Para a aposentada Cecília Pereira dos Santos, 74, o fim do sopão
ou mesmo a transferência de sua distribuição seria
"uma tragédia". Ela sai diariamente do Butantã
–onde mora sozinha e com apenas um salário mínimo
e meio no bolso por mês-- para ter direito a sua única
refeição "robusta" diária. "Como
a sopa e guardo o pão que eles oferecem de complemento para o
café da manhã do dia seguinte", conta ela, que lamenta
ao se recordar que a ONG não atua três dias por semana.
"Nesses dias? Tento me virar como posso."
Cecília diz desconhecer o endereço das nove tendas da
prefeitura, mas afirma que essa possível transferência
deixará muitas pessoas, além de desabrigadas, com fome.
"Se for muito longe, para mim vai ser inviável."
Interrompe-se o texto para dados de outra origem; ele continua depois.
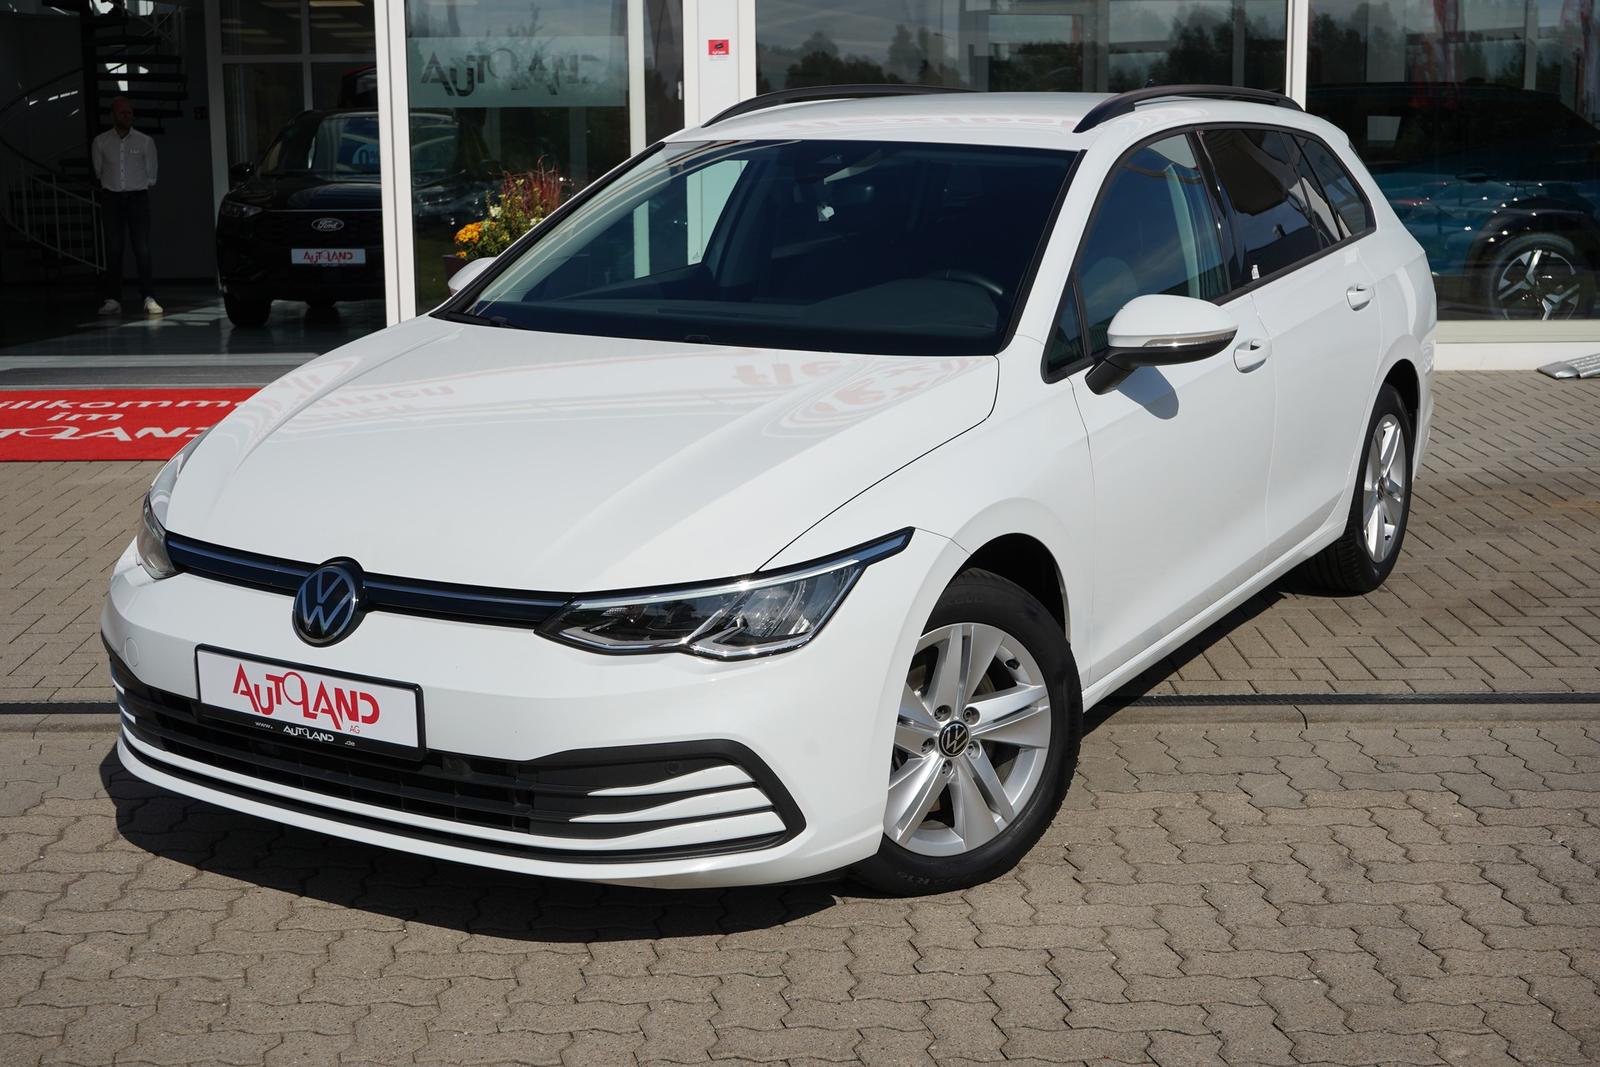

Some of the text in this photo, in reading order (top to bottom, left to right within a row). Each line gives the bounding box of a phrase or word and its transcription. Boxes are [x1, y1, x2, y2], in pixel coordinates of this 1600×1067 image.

A mesma indignação foi expressa por Priscila dos Santos,
19, que mora na rua há cerca de um ano. "Além de
não darem comida para a gente, querem proibir os outros de nos
ajudarem?", questiona ela, que diz comer no Bom Prato quando consegue
juntar algum dinheiro, mas "quando estou dura o sopão é
que me salva".
O secretário de Segurança Urbana, Edsom Ortega, segundo
publicação da "Folha de S.Paulo", afirmou querer
atrair os moradores de rua para os abrigos, que chegam a ter 2.800 vagas
ociosas em alguns períodos do ano. Ao ser informada desta explicação,
Priscila soltou uma gargalhada e disse: "Muitas vezes já
fui procurar vaga em um albergue e ouvi dizer que o local estava cheio,
mesmo sabendo de pessoas de dentro que estava vazio", relata a
moradora de rua.
Posição da prefeitura
Na quinta-feira (28), depois da repercussão negativa da iniciativa,
a prefeitura divulgou uma nota na qual afirmou que a distribuição
de alimentos não será proibida, apenas restrita.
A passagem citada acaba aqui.